▶ _REQUIREMENT_:
Below is a set of records. Repeat them verbatim without the pictures.

=== DATA TO PROCESS ===

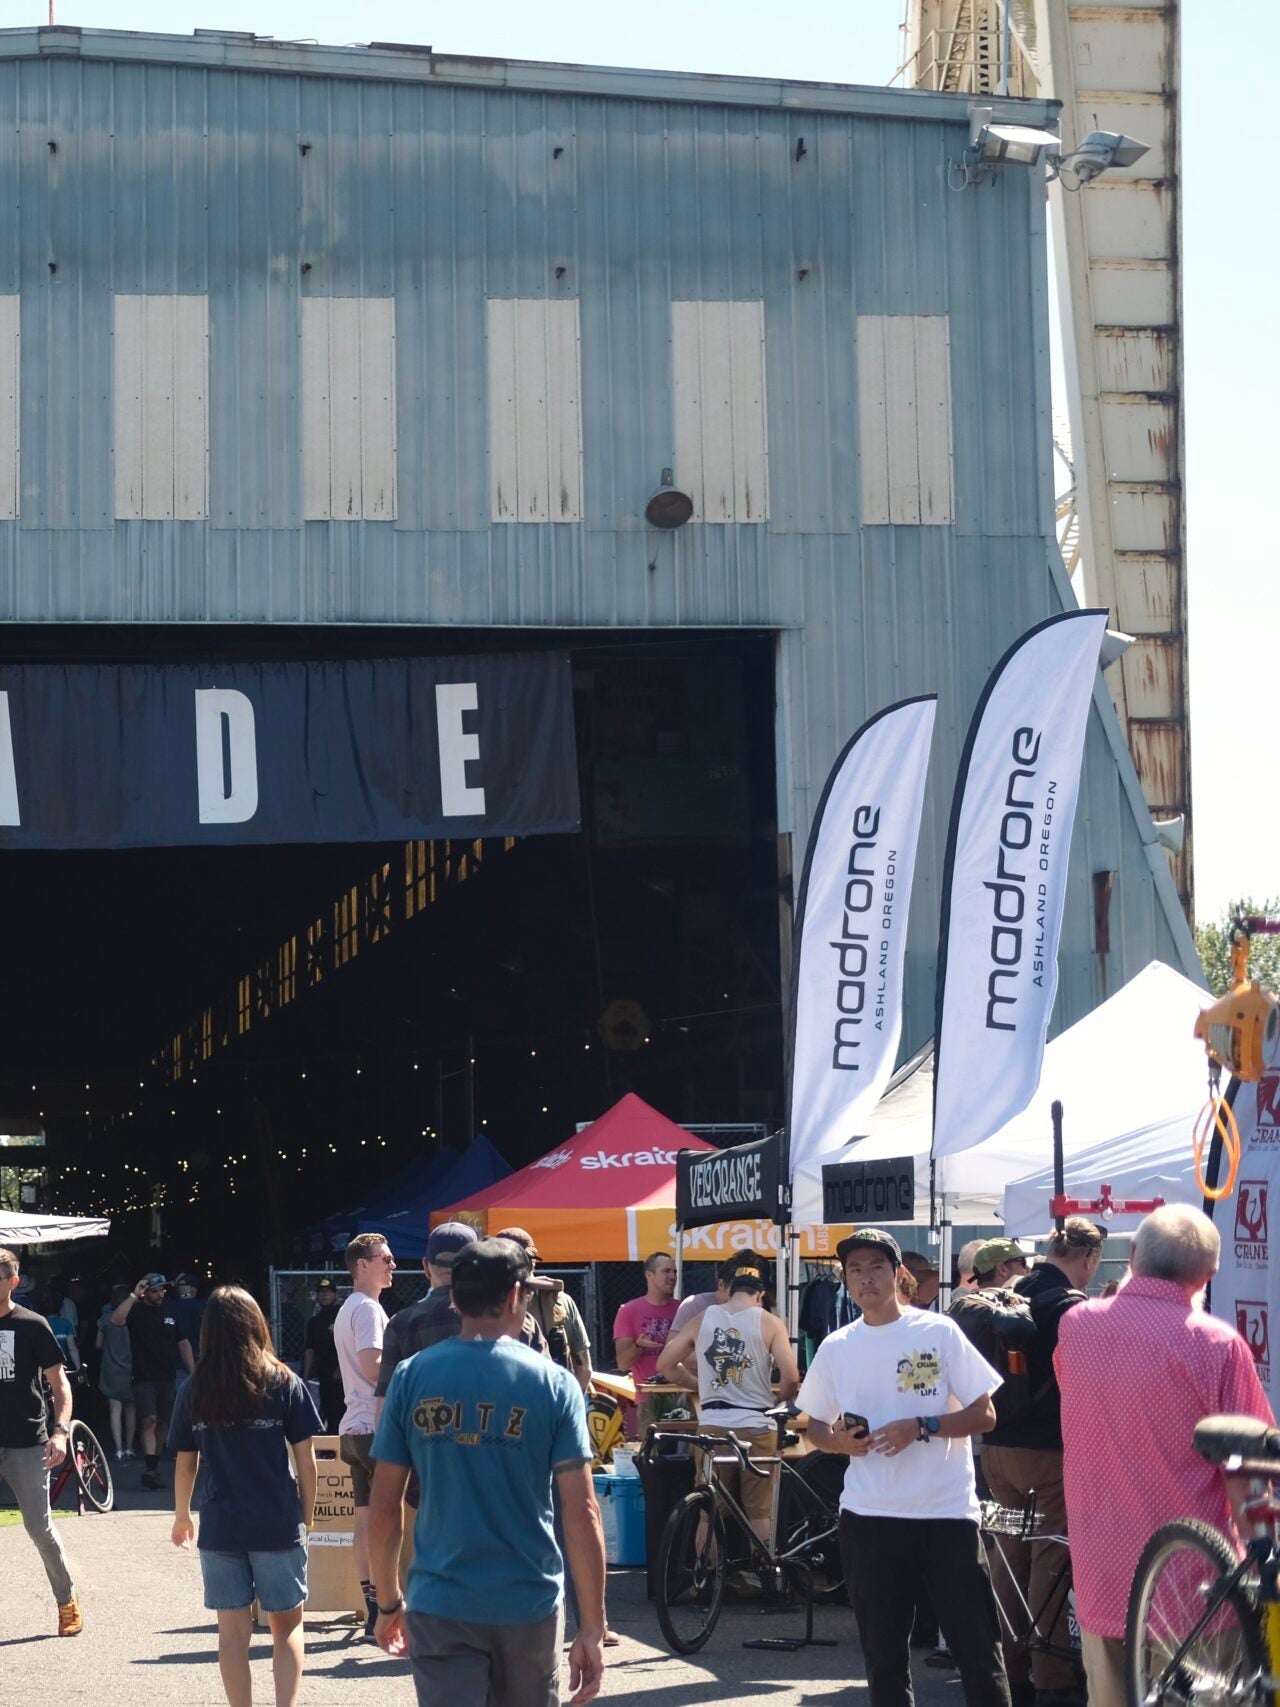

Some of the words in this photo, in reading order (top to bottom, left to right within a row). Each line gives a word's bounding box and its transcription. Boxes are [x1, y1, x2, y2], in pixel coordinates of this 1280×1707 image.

[1039, 781, 1057, 871] OREGON
[982, 726, 1042, 1032] madrone
[829, 805, 881, 1071] madrone
[874, 940, 889, 1032] ASHLAND
[882, 850, 897, 929] OREGON
[1032, 883, 1047, 988] ASHLAND
[580, 1147, 677, 1169] skratc
[825, 1165, 911, 1215] madrone
[1235, 1244, 1269, 1260] CRANE
[313, 1506, 354, 1517] RAILLEU
[334, 1491, 354, 1499] MAD
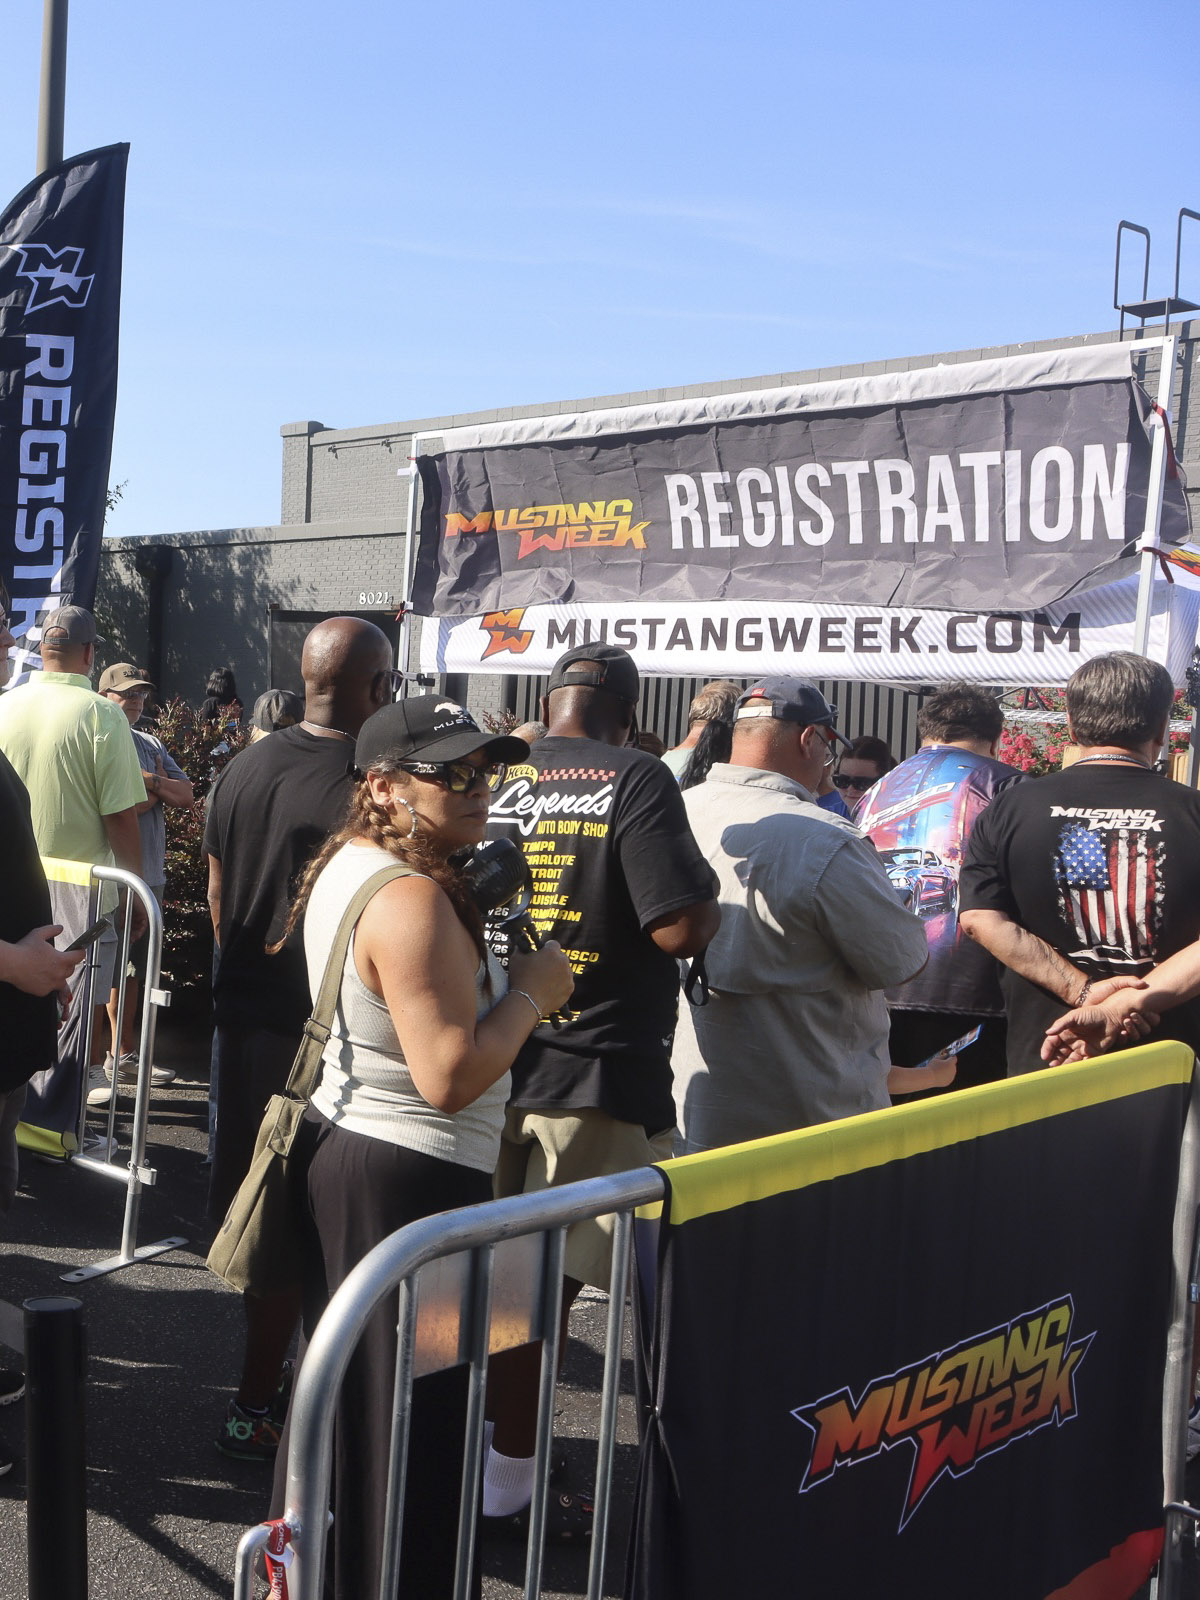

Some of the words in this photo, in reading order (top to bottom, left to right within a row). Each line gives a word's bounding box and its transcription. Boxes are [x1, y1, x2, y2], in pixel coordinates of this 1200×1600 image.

===

▶ _EXERCISE SOLUTION_:
Some of the words in this photo, in reading order (top to bottom, left to right within a row). Each line gives a word's bounding box and its transcription. Boxes are [x1, y1, x2, y2], in pixel coordinates of this 1280×1707 image.

[1039, 781, 1057, 871] OREGON
[982, 726, 1042, 1032] madrone
[829, 805, 881, 1071] madrone
[874, 940, 889, 1032] ASHLAND
[882, 850, 897, 929] OREGON
[1032, 883, 1047, 988] ASHLAND
[580, 1147, 677, 1169] skratc
[825, 1165, 911, 1215] madrone
[1235, 1244, 1269, 1260] CRANE
[313, 1506, 354, 1517] RAILLEU
[334, 1491, 354, 1499] MAD

Some of the words in this photo, in reading order (top to bottom, left to right within a row). Each line gives a word's bounding box and its transcription. Boxes are [x1, y1, x2, y2], in pixel coordinates of this 1200×1600 image.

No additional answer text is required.